= Timeline of the history of Islam (11th century) =

==11th century (1001–1100 CE / 391–494 AH)==
- 998–1030: Mahmud of Ghazni persuades mass conversions to Islam in present-day Afghanistan. Many Hindus and Buddhists are persuade in various ways into converting under his rule.
- 1001: Mahmud of Ghazni defeats the Hindu Shahis at Peshawar.
- 1004: Mahmud of Ghazni captures Bhatiya.
- 1005: Mahmud of Ghazni captures Multan and Ghur.
- 1008: Mahmud of Ghazni defeats the Rajput confederacy.
- 1010: Abdication of Hisham II in Spain. Accession of Muhammad II.
- 1011: In Spain Muhammad II is overthrown by Sulaiman II.

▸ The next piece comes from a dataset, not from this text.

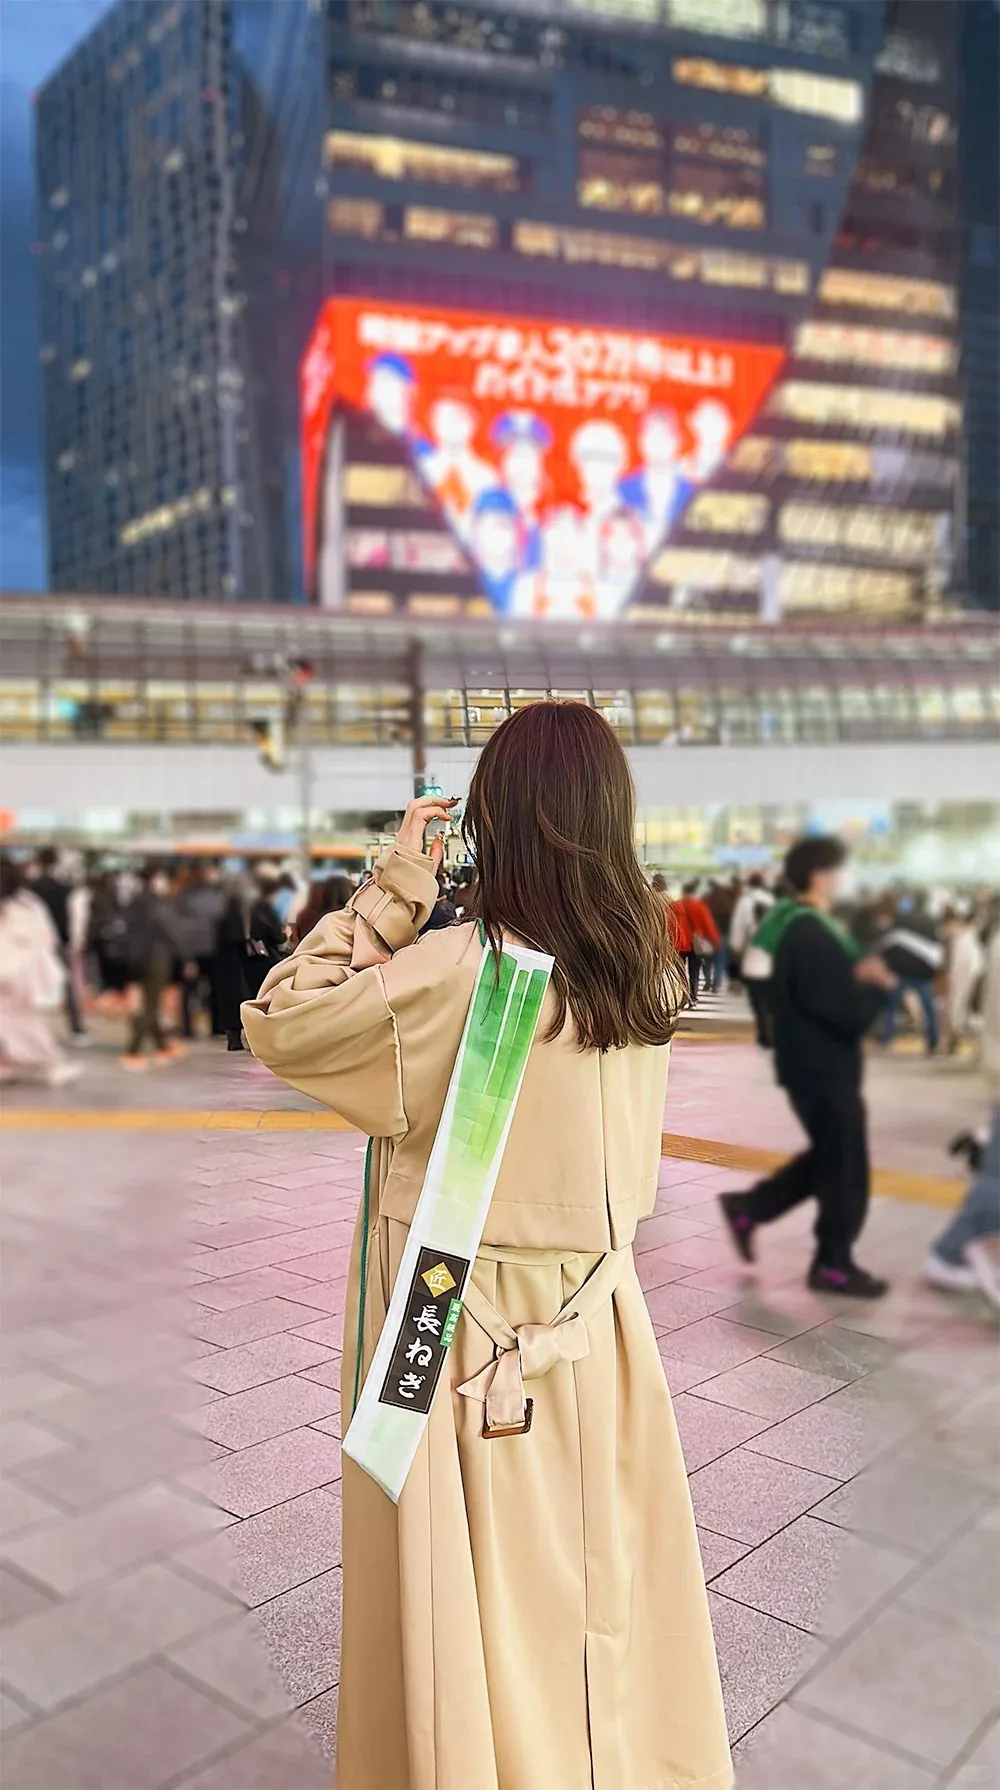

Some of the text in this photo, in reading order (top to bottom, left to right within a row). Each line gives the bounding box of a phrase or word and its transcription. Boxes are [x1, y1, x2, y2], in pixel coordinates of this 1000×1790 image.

[428, 1268, 447, 1292] 匠
[397, 1304, 442, 1399] 長ねぎ
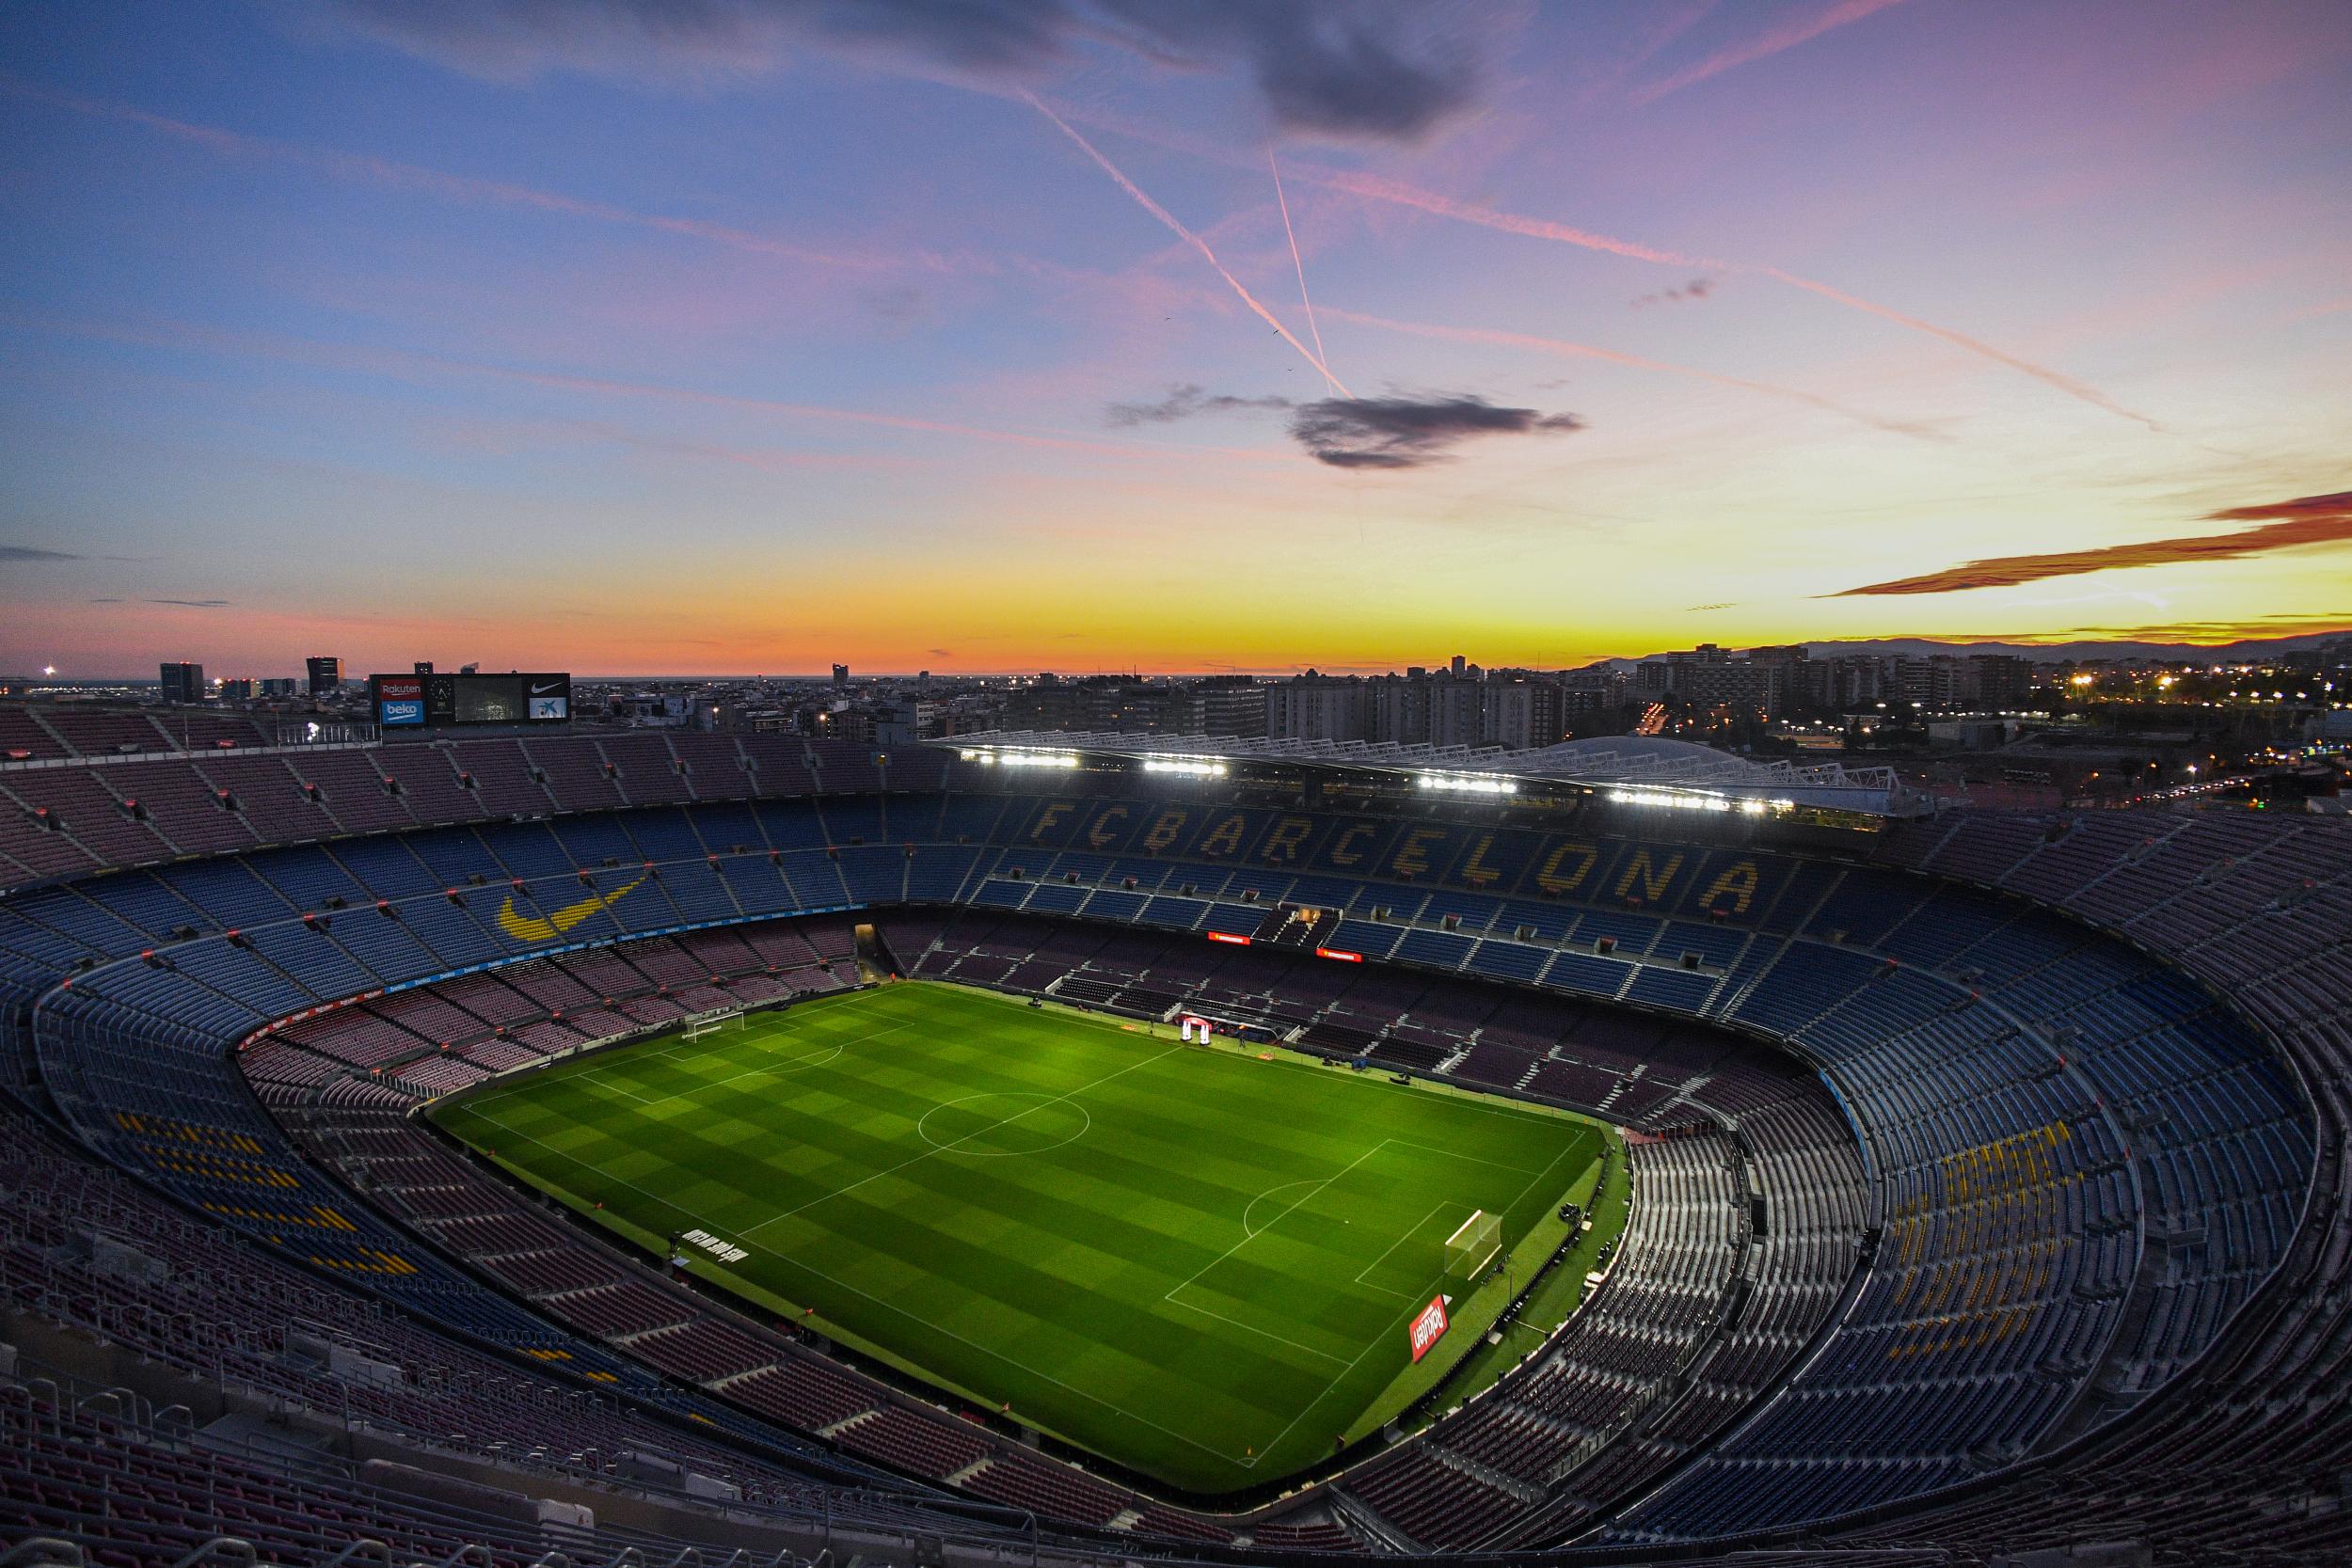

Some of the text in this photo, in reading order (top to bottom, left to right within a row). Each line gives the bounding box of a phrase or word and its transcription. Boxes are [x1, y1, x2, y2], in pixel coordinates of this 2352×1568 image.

- 1012: In Spain, power is captured by Bani Hamud. Death of the Buwayhid Baha' al-Dawla, accession of Sultan al-Dawla.
- 1013: Berber Muslims massacre and pillage the inhabitants of Cordoba, including a large number of Jews. It is said that 2000 of them were killed.
- 1016: Death of the Zirid ruler Nasir al-Dawla Badis; accession of Al Muizz.
- 1018: In Spain, power is captured by Abd-ar-Rahman IV.
- 1019: Conshest of the Punjab by Mahmud of Ghazni.
- 1020: The Buwayhid Sultan al-Dawla is overthrown by Musharrif al-Dawla. Death of the Fatimid Caliph Al Hakim, accession of Ali az-Zahir.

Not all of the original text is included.